Agnes Odhiambo, the Controller of Budget. PHOTO | FILE

What you need to know:

  • The Treasury has spent Sh181 million to pay international lenders for loans defaulted by the two institutions in the three months to September.
  • Controller of Budget Agnes Odhiambo wants the Treasury to recover all the money it has paid out on behalf of the agencies whose loans it guaranteed, but are not insolvent.

The Treasury has continued to spend hundreds of millions of taxpayers’ money to bail out City Hall and the Tana and Athi River Development Authority (Tarda) for defaulted loans despite advice against the payments from the Controller of Budget.

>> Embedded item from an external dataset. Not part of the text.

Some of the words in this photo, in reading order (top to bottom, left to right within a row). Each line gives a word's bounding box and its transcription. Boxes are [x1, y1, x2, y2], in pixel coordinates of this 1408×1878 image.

The Treasury has spent Sh181 million to pay international lenders for loans defaulted by the two institutions in the three months to September.

Controller of Budget Agnes Odhiambo wants the Treasury to recover all the money it has paid out on behalf of the agencies whose loans it guaranteed, but are not insolvent.

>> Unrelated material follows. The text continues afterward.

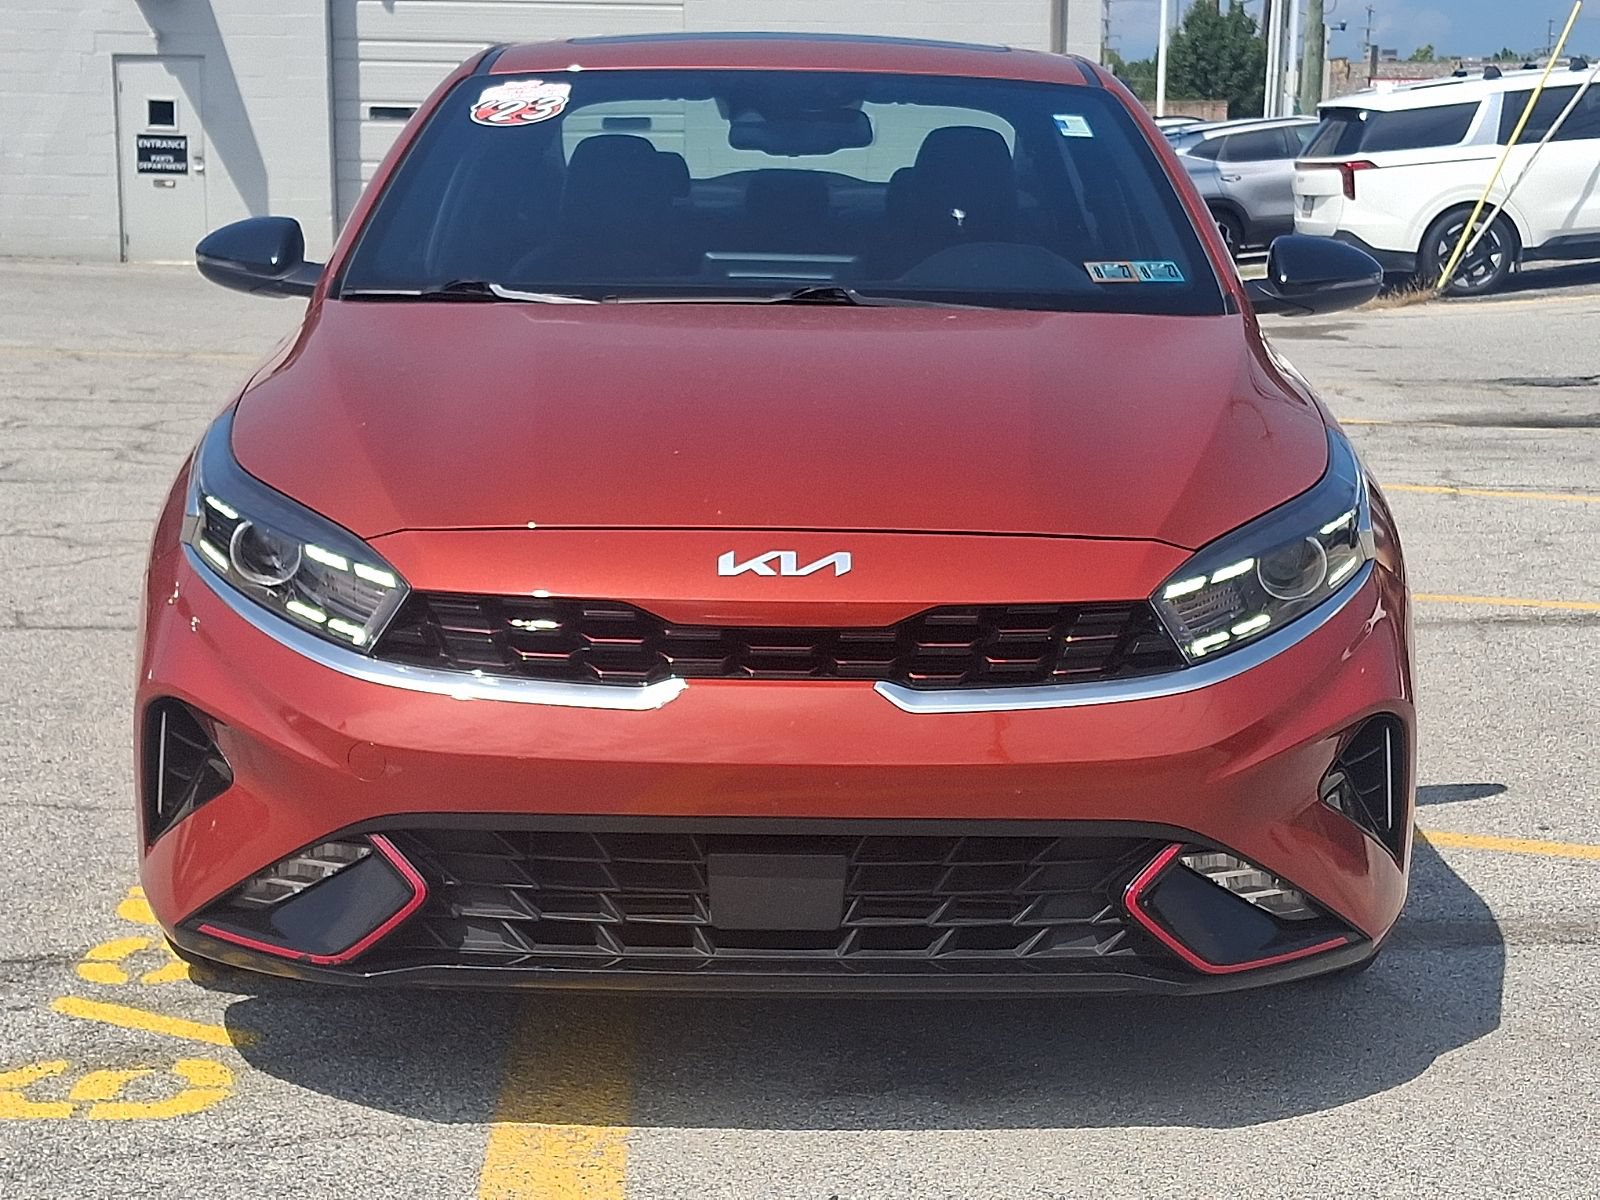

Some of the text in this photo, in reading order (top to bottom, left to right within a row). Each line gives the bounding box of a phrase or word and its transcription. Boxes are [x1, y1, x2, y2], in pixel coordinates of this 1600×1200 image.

The government did not make any payments on behalf of the Kenya Broadcasting Corporation (KBC), which has together with two firms spent Sh16 billion of taxpayers’ money since 1989 on bailouts.

“The cumulative principal  and interest payments of guaranteed loans to parastatals with liquidity problems amounted to Sh181.2 million against a target of Sh170.6 million for the period ending September 2014,” the Treasury said in its quarterly budget report to Parliament.

“The variance is attributed to differences in exchange rate movements,” it added.

KBC has been unable to repay a Japanese debt that has accumulated to Sh32.3 billion, which prompted the Treasury to repay the loan. But the government did not pay the loan in the quarter to September.

The Treasury stepped in to repay a loan that the defunct City Council of Nairobi (CCN) borrowed from USAid to build Umoja Estate more than three decades ago.

The 30-year loan was to be repaid by 2014 but City Hall has defaulted, leaving the Treasury to pay the residual amount plus interest. The State paid Sh38.75 million in the three months to September.

All CCN liabilities and assets have been transferred to the Nairobi County government, but that did not relieve the national government of the burden to service the debt.

Use of taxpayers’ money to bail out public institutions is, however, proving to be an unpalatable settlement that is expected to put the Treasury and City Hall under watch.

The State also stepped in to aid Tarda – now under the Rural Development department – which has also failed to repay money borrowed from Jica.